MR. VICTOR TAMUNO CHUKUIBI & ANOR V INDEPENDENT NATIONAL ELECTORAL COMMISSION (INEC) & ORS
March 8, 2025
IBRAHIM ABDULNASIR & ANOR V. ADAMU ALIYU & ORS
March 8, 2025
MR. VICTOR TAMUNO CHUKUIBI & ANOR V INDEPENDENT NATIONAL ELECTORAL COMMISSION (INEC) & ORS
March 8, 2025
IBRAHIM ABDULNASIR & ANOR V. ADAMU ALIYU & ORS
March 8, 2025
Show all

AMINU GARBA GIDADO V. MOHAMMED MALAMI AHMED & ORS

Legalpedia Citation: (2023-11) Legalpedia 58471 (CA)

In the Court of Appeal

Holden At Abuja

Fri Nov 24, 2023

Suit Number: CA/S/EP/SHA/SK/28/2023

CORAM

THERESA N. ORJI-ABADUA JUSTICE, COURT OF APPEAL

MOHAMMED BABA IDRIS JUSTICE, COURT OF APPEAL

HANNATU LAJA-BALOGUN JUSTICE, COURT OF APPEAL

PARTIES

AMINU GARBA GIDADO

APPELLANTS

  1. MOHAMMED MALAMI AHMED
  2. PEOPLES DEMOCRACTIC PARTY
  3. ALL PROGRESSIVES CONGRESS
  4. INDEPENDENT NATIONAL ELECTORAL COMMISSION

 

RESPONDENTS

AREA(S) OF LAW

APPEAL, CONSTITUTIONAL LAW, ELECTION PETITION, EVIDENCE, PRACTICE AND PROCEDURE

 

SUMMARY OF FACTS

This is a cross-appeal. The 1st and 2nd Cross Respondents as Petitioners before the lower Tribunal, aggrieved by the declaration and return of the Appellant (1st Respondent at trial Tribunal) as the winner of the Sokoto State House of Assembly election for Sokoto South II State Constituency, filed a petition on the 6th day of April, 2023 on the grounds that the 1st Respondent was at the time of the election not qualified to contest the election and that the election of the 1st Respondent was invalid by reason of corrupt practices and/or non-compliance with the provisions of the electoral Act, 2022; and INEC Regulations and Guidelines for the conduct of the 2022 Election. They also contested that the 1st Respondent was not duly elected by majority of lawful votes cast at the said election.

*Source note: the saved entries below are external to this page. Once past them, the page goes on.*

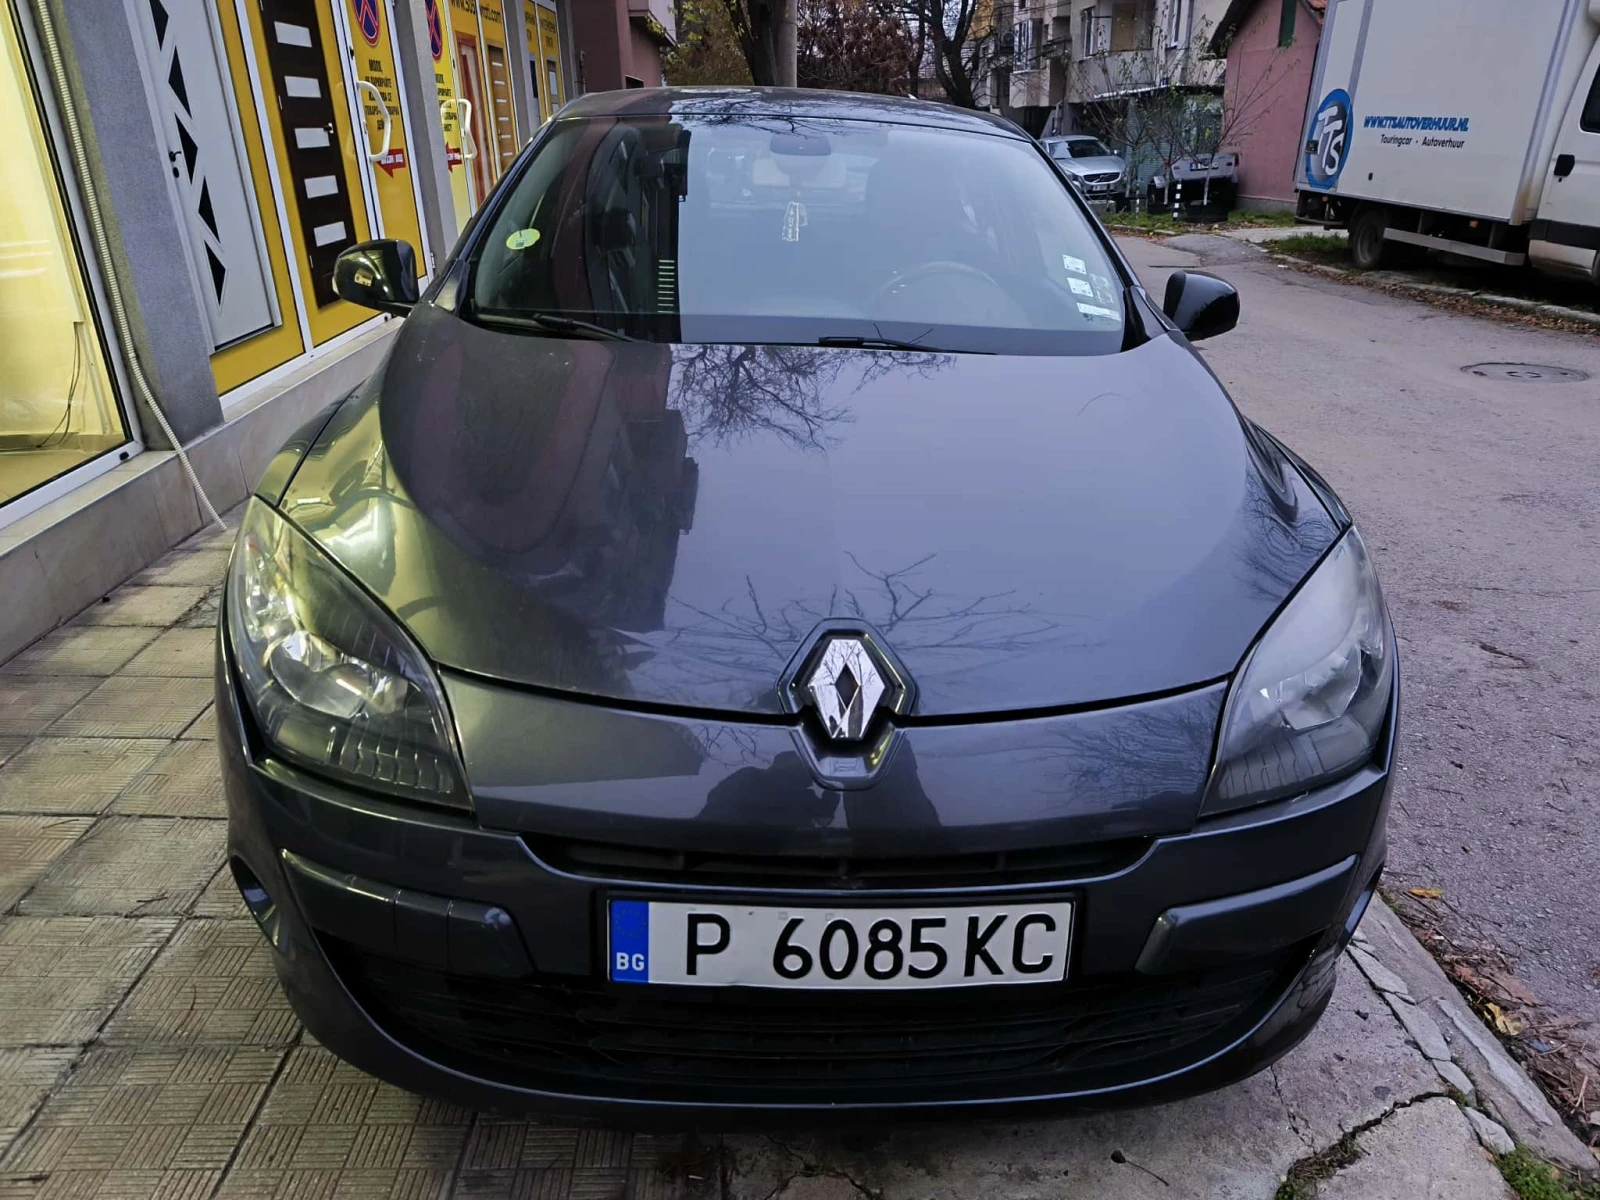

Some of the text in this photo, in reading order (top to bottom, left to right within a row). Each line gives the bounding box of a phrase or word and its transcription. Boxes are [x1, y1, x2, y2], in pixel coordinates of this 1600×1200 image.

[1363, 115, 1470, 131] WWW.TTSAUTOVERHUUR.NL
[1318, 105, 1345, 175] TTS
[1380, 134, 1465, 148] Touringcar Autoverhuur
[686, 913, 1056, 980] P 6085 KC
[616, 952, 645, 971] BG

The Cross Appellant and the third Respondent both filed preliminary objections which were dismissed by the trial tribunal. The trial Tribunal further dismissed the Petition and upheld the election held on the 18th March, 2023 for the Sokoto South II State Constituency seat in the Sokoto State House of Assembly and awarded cost of N500, 000 against the 1st and 2nd Cross-Respondents.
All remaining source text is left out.